Reproduce the lines below verbatim. Pictures are to be omitted.

**Records supplied**
+ + + + + + +

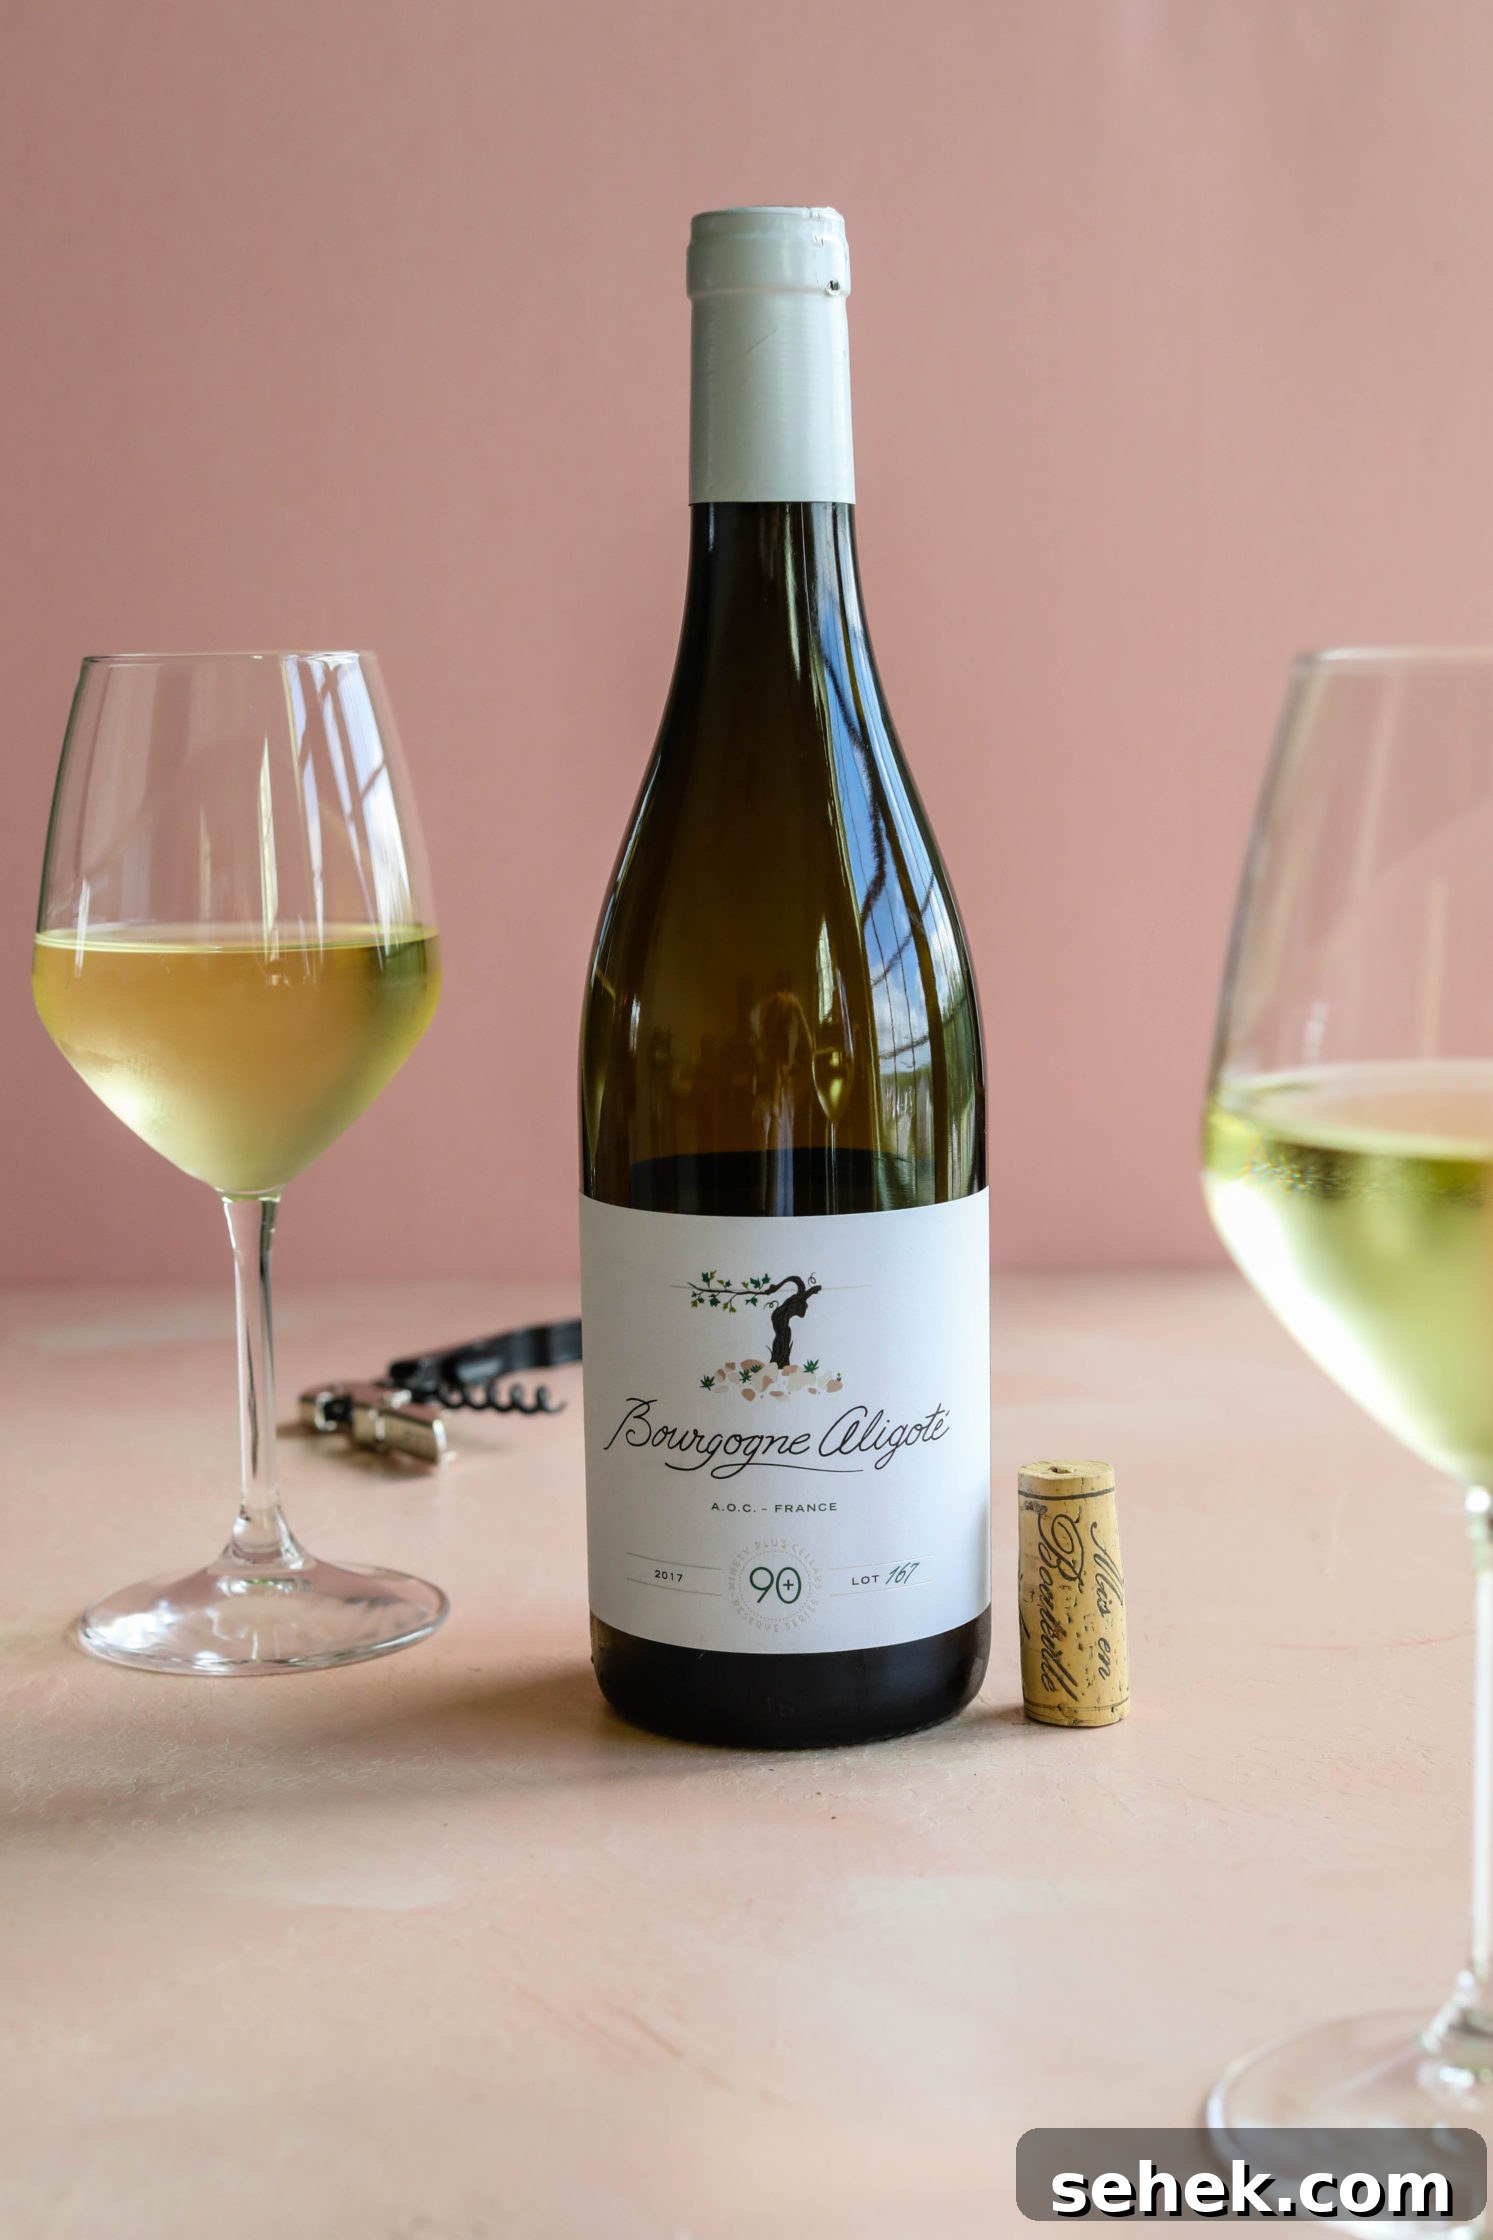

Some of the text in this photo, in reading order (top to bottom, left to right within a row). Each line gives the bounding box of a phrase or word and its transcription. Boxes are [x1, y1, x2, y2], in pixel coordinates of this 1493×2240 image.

[603, 1397, 951, 1479] Bourgogne Aligoté
[710, 1501, 757, 1514] A.O.C.
[774, 1501, 838, 1514] FRANCE
[653, 1568, 684, 1583] 2017
[851, 1560, 921, 1587] LOT 167
[1097, 1636, 1112, 1681] en
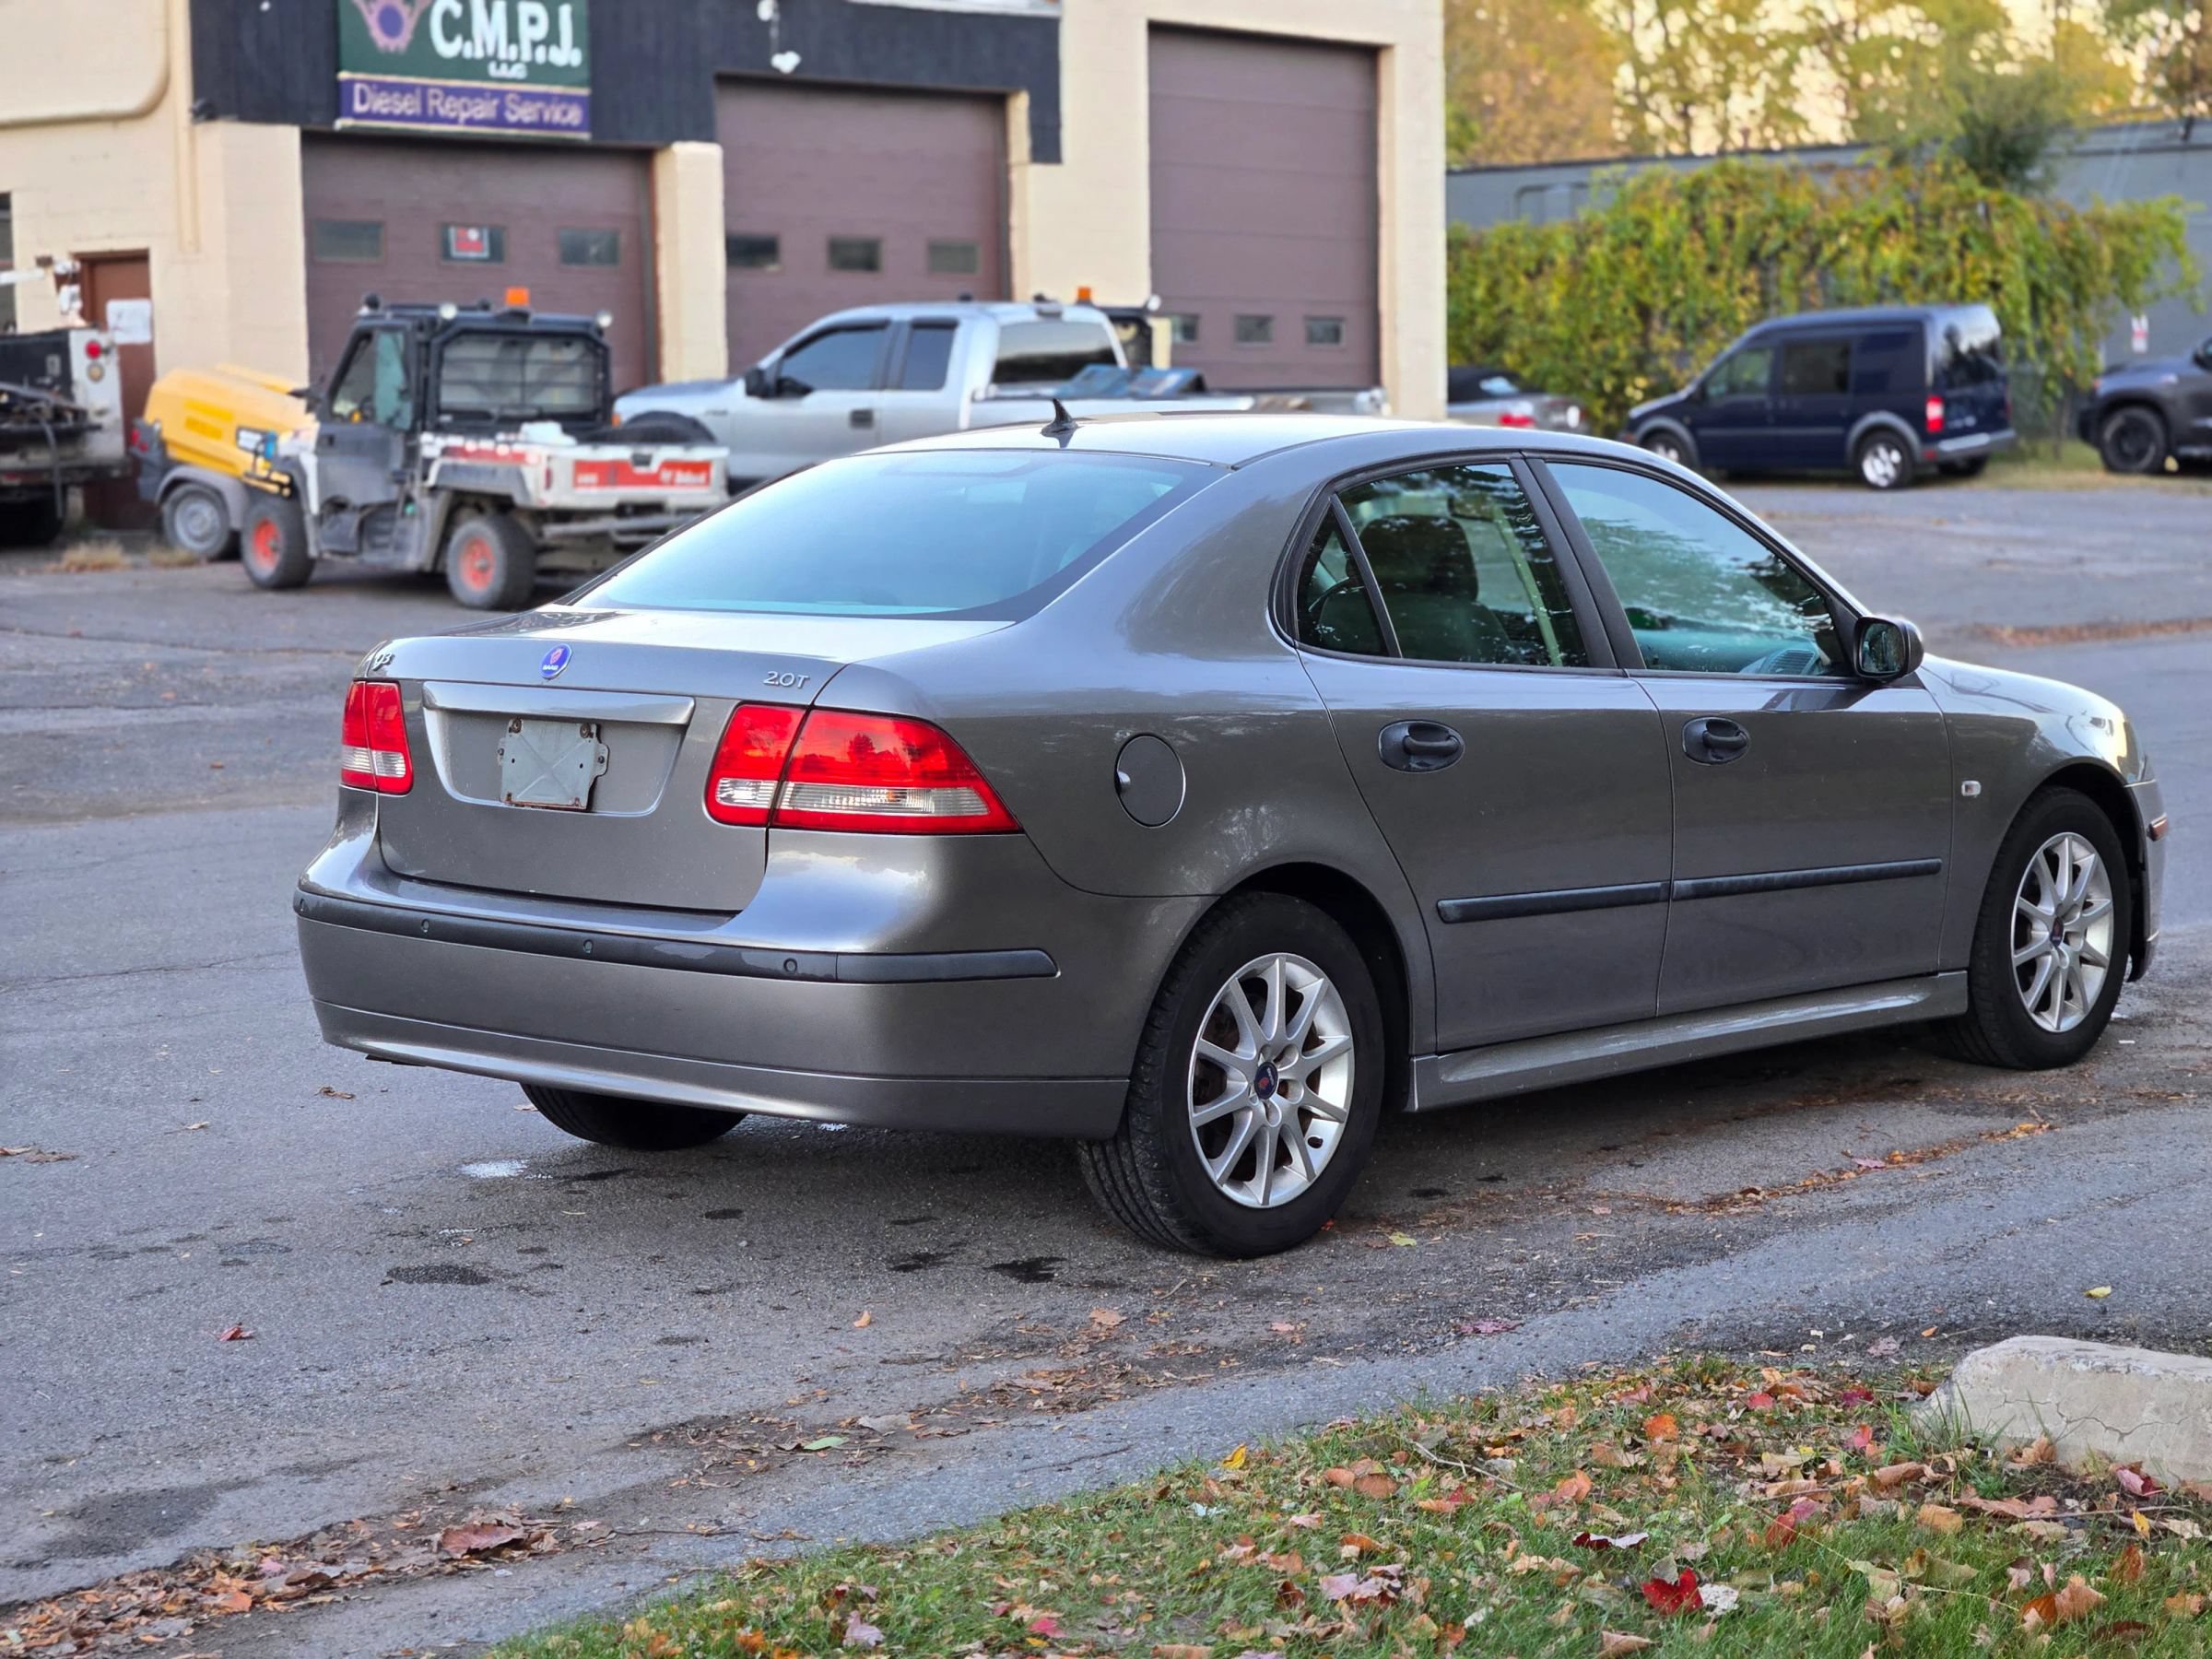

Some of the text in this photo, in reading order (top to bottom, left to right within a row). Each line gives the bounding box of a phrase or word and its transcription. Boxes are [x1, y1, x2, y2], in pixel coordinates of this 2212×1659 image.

[488, 61, 527, 79] LLC
[352, 82, 582, 125] Diesel Repair Service
[763, 670, 809, 688] 2.0T

+ + + + + + +

**Result of this exercise**
Some of the text in this photo, in reading order (top to bottom, left to right within a row). Each line gives the bounding box of a phrase or word and its transcription. Boxes are [x1, y1, x2, y2], in pixel coordinates of this 1493×2240 image.

[603, 1397, 951, 1479] Bourgogne Aligoté
[710, 1501, 757, 1514] A.O.C.
[774, 1501, 838, 1514] FRANCE
[653, 1568, 684, 1583] 2017
[851, 1560, 921, 1587] LOT 167
[1097, 1636, 1112, 1681] en

Some of the text in this photo, in reading order (top to bottom, left to right within a row). Each line gives the bounding box of a phrase or word and its transcription. Boxes are [x1, y1, x2, y2], in pixel coordinates of this 2212×1659 image.

[488, 61, 527, 79] LLC
[352, 82, 582, 125] Diesel Repair Service
[763, 670, 809, 688] 2.0T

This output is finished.